DATA EXTRACT Block Start

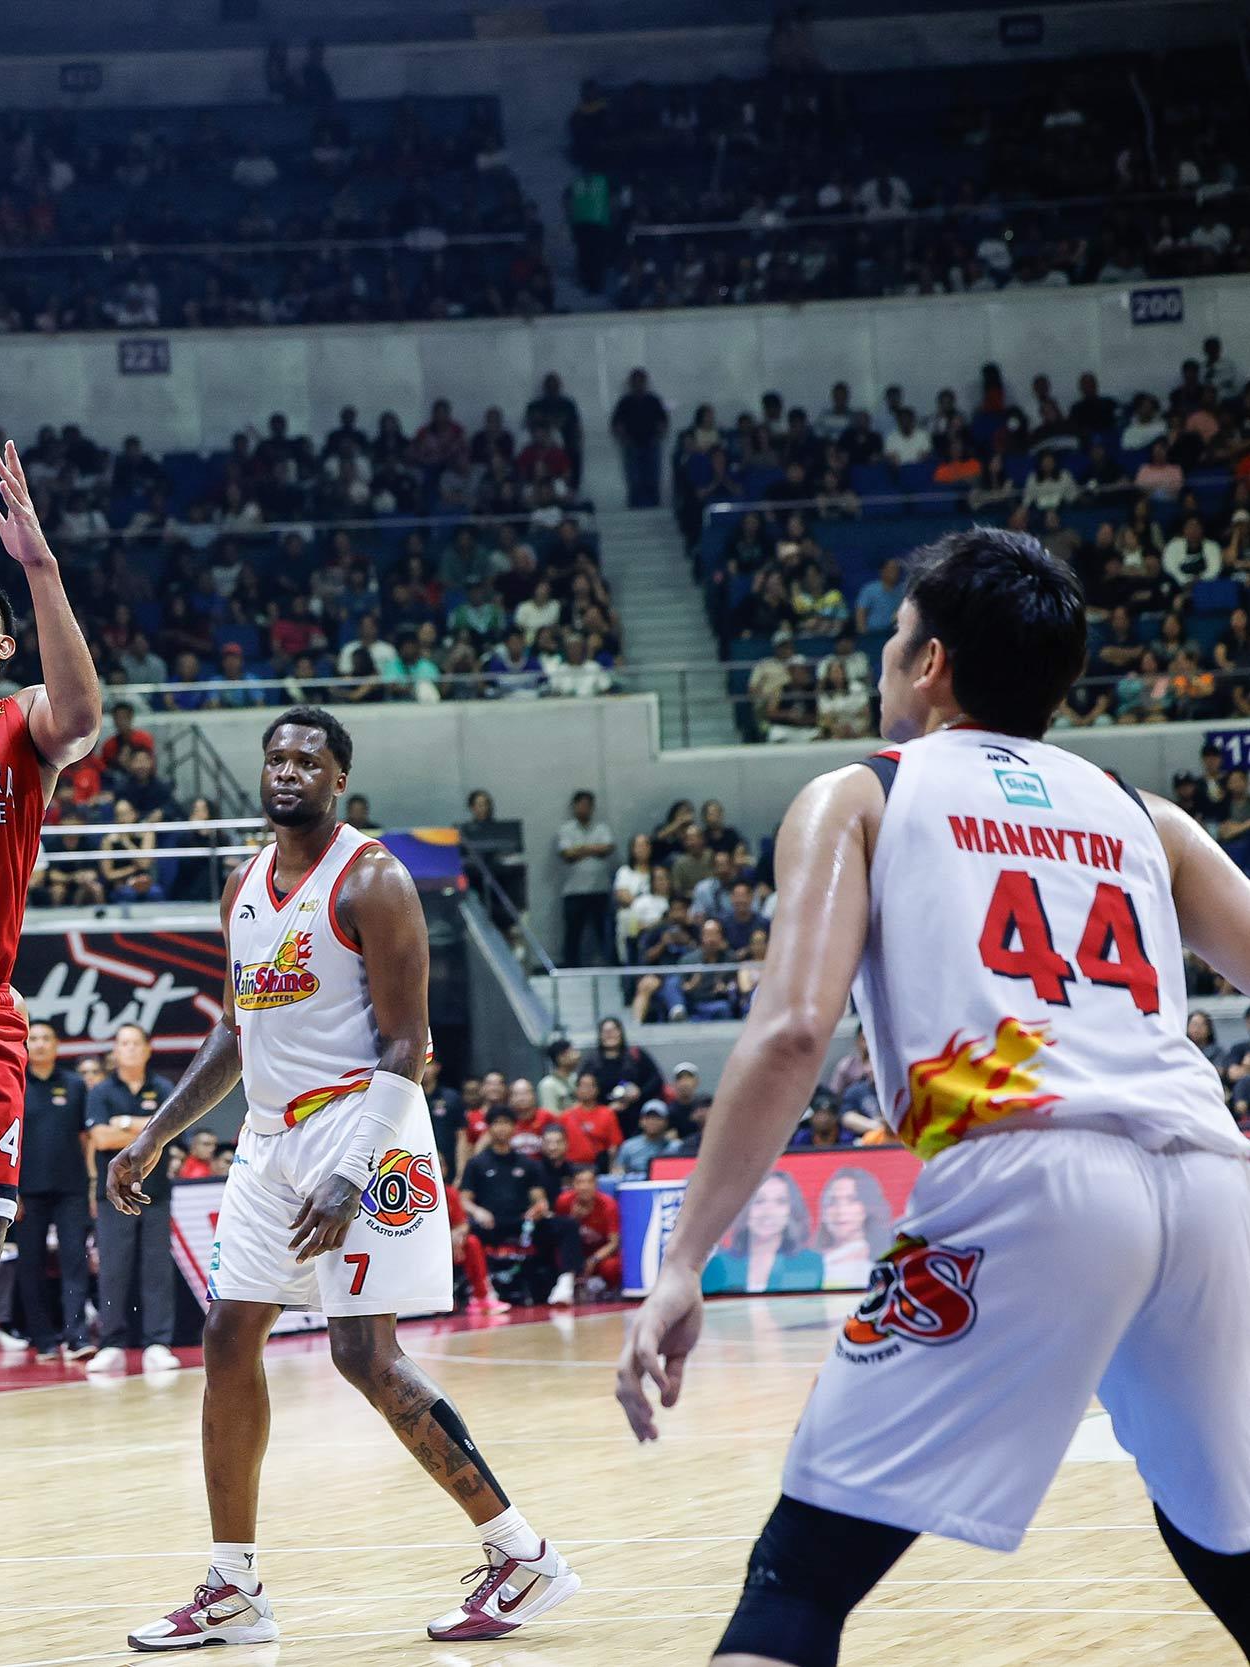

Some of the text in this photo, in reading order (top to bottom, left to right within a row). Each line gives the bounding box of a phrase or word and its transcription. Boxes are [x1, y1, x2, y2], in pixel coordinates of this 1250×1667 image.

[1132, 293, 1181, 320] 200
[947, 815, 1124, 873] MANAYTAY
[978, 869, 1160, 1016] 44
[26, 961, 200, 1041] Hut
[366, 1215, 424, 1238] ELASTO PAINTERS
[344, 1252, 370, 1296] 7
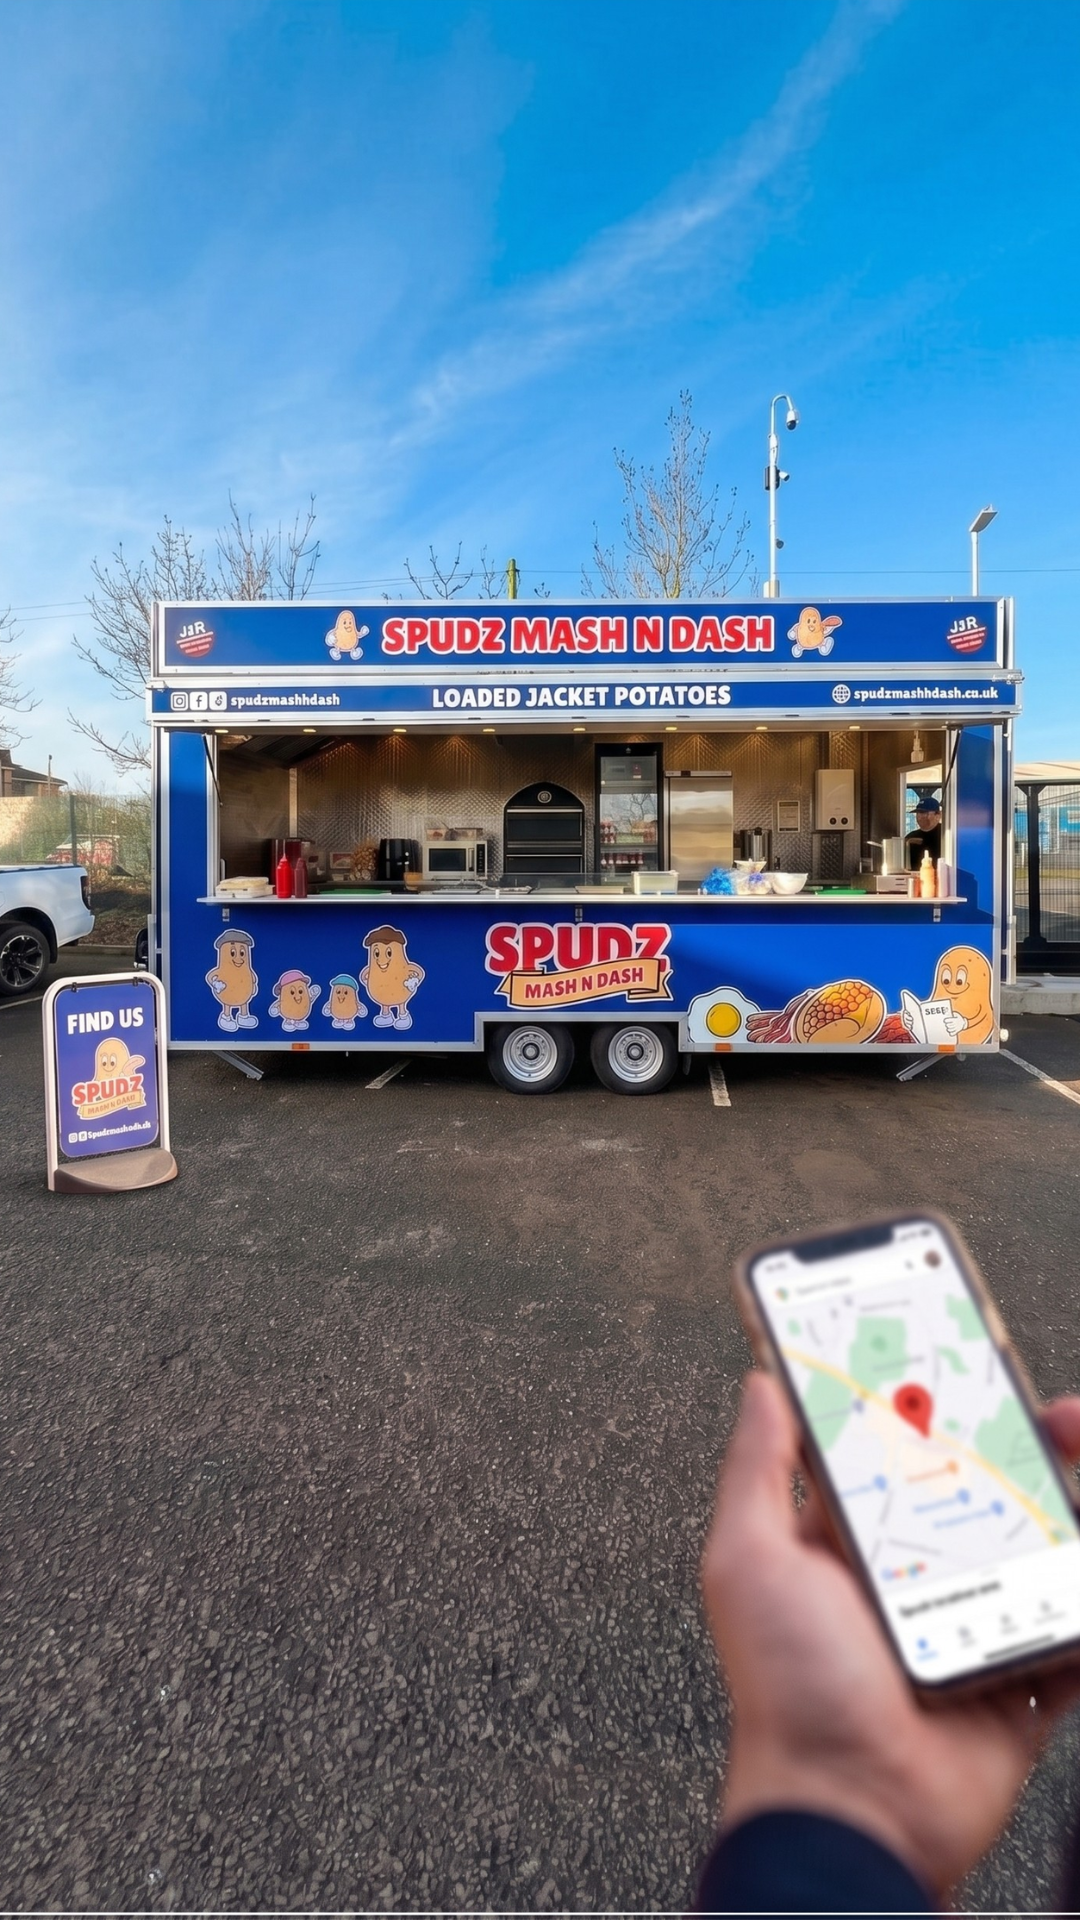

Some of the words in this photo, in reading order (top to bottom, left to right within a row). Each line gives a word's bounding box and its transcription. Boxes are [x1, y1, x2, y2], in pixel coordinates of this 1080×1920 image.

[382, 618, 505, 654] SPUDZ
[511, 616, 627, 653] MASH
[634, 616, 663, 653] N
[669, 615, 774, 653] DASH
[230, 693, 340, 709] spudzmashhdash
[432, 687, 523, 708] LOADED
[525, 686, 609, 707] JACKET
[614, 685, 731, 706] POTATOES
[485, 923, 671, 975] SPUDZ
[524, 979, 577, 999] MASH
[581, 979, 594, 992] N
[597, 967, 644, 988] DASH
[67, 1010, 114, 1034] FIND
[119, 1007, 144, 1028] US
[72, 1073, 143, 1106] SPUDZ
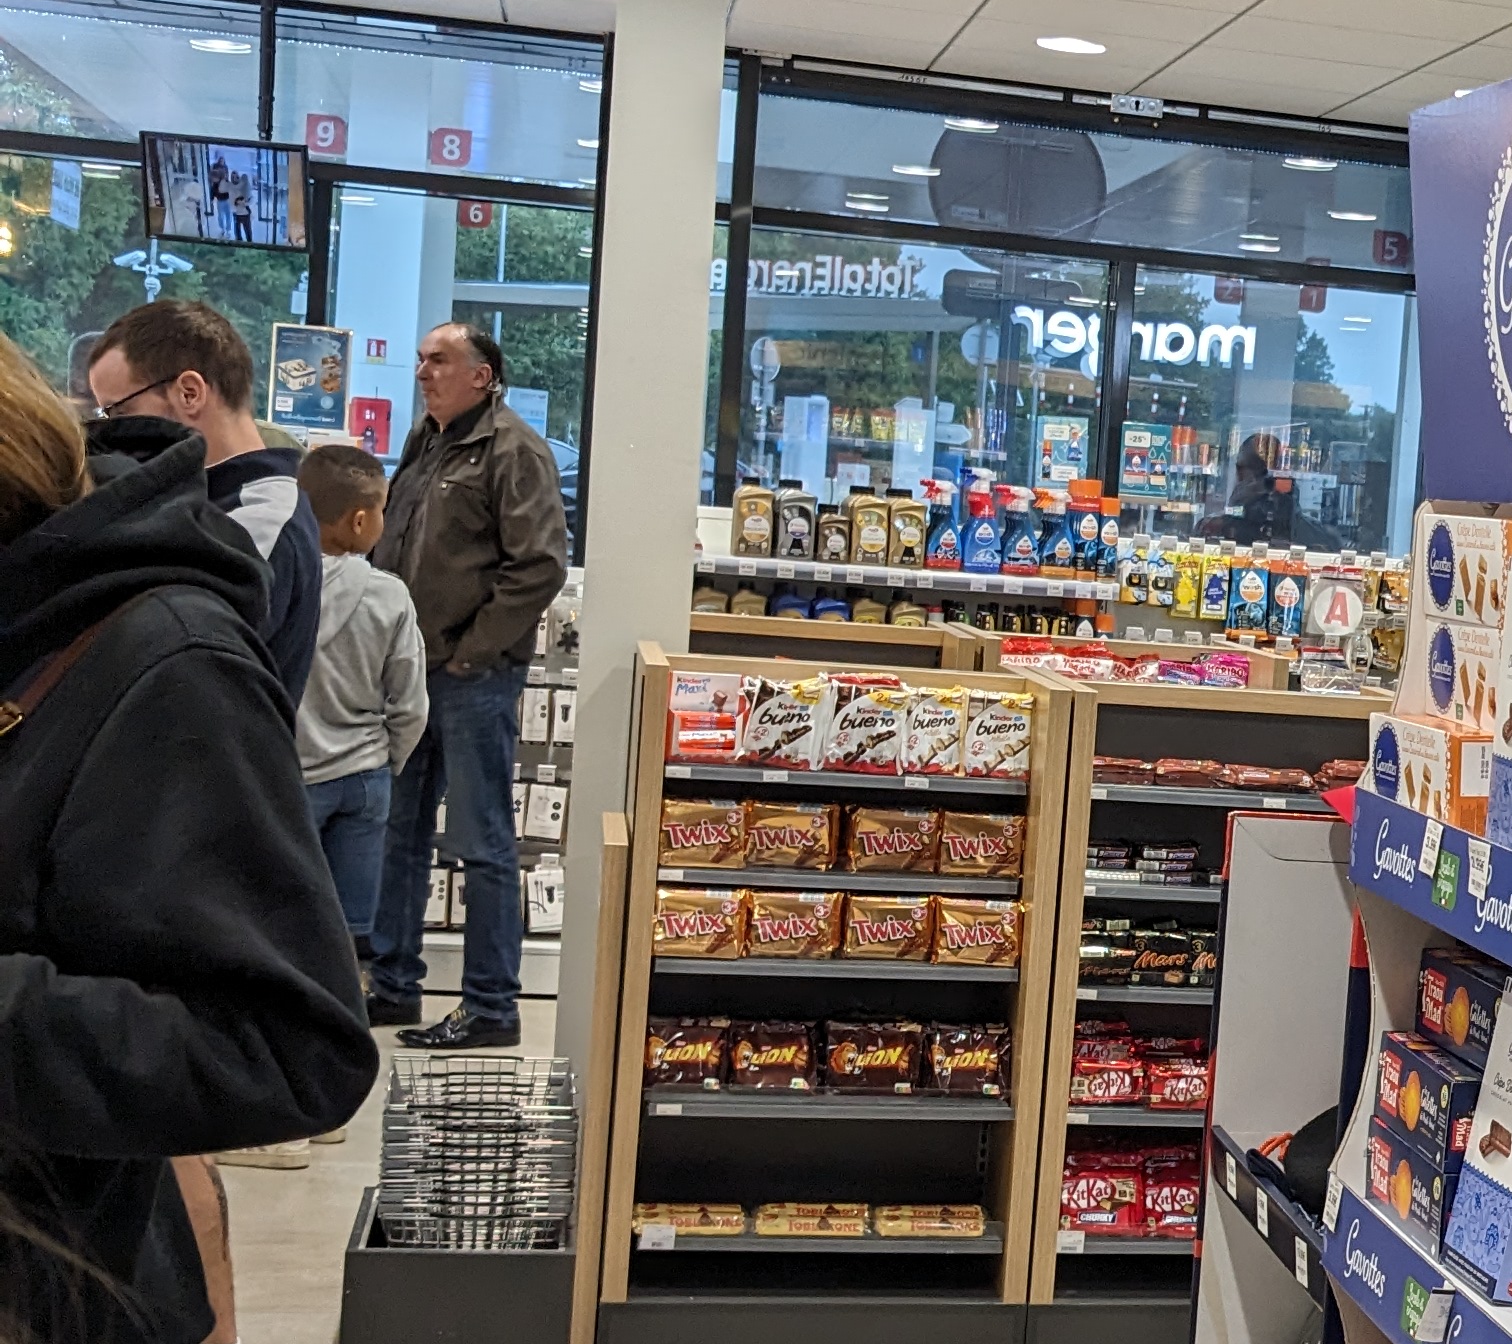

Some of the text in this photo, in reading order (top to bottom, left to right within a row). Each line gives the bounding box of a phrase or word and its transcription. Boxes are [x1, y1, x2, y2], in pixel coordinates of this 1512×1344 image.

[317, 121, 335, 147] 9
[442, 135, 460, 160] 8
[469, 204, 483, 222] 6
[1381, 236, 1398, 262] 5
[1324, 587, 1349, 627] A
[1207, 664, 1245, 679] HARIBO
[840, 715, 895, 730] bueno
[912, 714, 956, 731] bueno
[976, 720, 1026, 737] bueno
[1374, 819, 1416, 883] Gavottes
[1134, 951, 1188, 969] Mars
[1165, 1077, 1204, 1101] KitKat
[1061, 1180, 1112, 1209] KitKat
[1147, 1187, 1198, 1213] KitKat
[1344, 1219, 1386, 1298] Gavottes

DATA EXTRACT Block End

# YOUR TASK
Produce a word-for-word version of the material, with no pictures included.

# SOLUTION TO THIS EXERCISE
Some of the text in this photo, in reading order (top to bottom, left to right within a row). Each line gives the bounding box of a phrase or word and its transcription. Boxes are [x1, y1, x2, y2], in pixel coordinates of this 1250×1667 image.

[1132, 293, 1181, 320] 200
[947, 815, 1124, 873] MANAYTAY
[978, 869, 1160, 1016] 44
[26, 961, 200, 1041] Hut
[366, 1215, 424, 1238] ELASTO PAINTERS
[344, 1252, 370, 1296] 7

Some of the words in this photo, in reading order (top to bottom, left to right within a row). Each line gives a word's bounding box and its transcription. Boxes are [x1, y1, x2, y2], in pixel coordinates of this 1080×1920 image.

[382, 618, 505, 654] SPUDZ
[511, 616, 627, 653] MASH
[634, 616, 663, 653] N
[669, 615, 774, 653] DASH
[230, 693, 340, 709] spudzmashhdash
[432, 687, 523, 708] LOADED
[525, 686, 609, 707] JACKET
[614, 685, 731, 706] POTATOES
[485, 923, 671, 975] SPUDZ
[524, 979, 577, 999] MASH
[581, 979, 594, 992] N
[597, 967, 644, 988] DASH
[67, 1010, 114, 1034] FIND
[119, 1007, 144, 1028] US
[72, 1073, 143, 1106] SPUDZ

Some of the text in this photo, in reading order (top to bottom, left to right within a row). Each line gives the bounding box of a phrase or word and its transcription. Boxes are [x1, y1, x2, y2], in pixel coordinates of this 1512×1344 image.

[317, 121, 335, 147] 9
[442, 135, 460, 160] 8
[469, 204, 483, 222] 6
[1381, 236, 1398, 262] 5
[1324, 587, 1349, 627] A
[1207, 664, 1245, 679] HARIBO
[840, 715, 895, 730] bueno
[912, 714, 956, 731] bueno
[976, 720, 1026, 737] bueno
[1374, 819, 1416, 883] Gavottes
[1134, 951, 1188, 969] Mars
[1165, 1077, 1204, 1101] KitKat
[1061, 1180, 1112, 1209] KitKat
[1147, 1187, 1198, 1213] KitKat
[1344, 1219, 1386, 1298] Gavottes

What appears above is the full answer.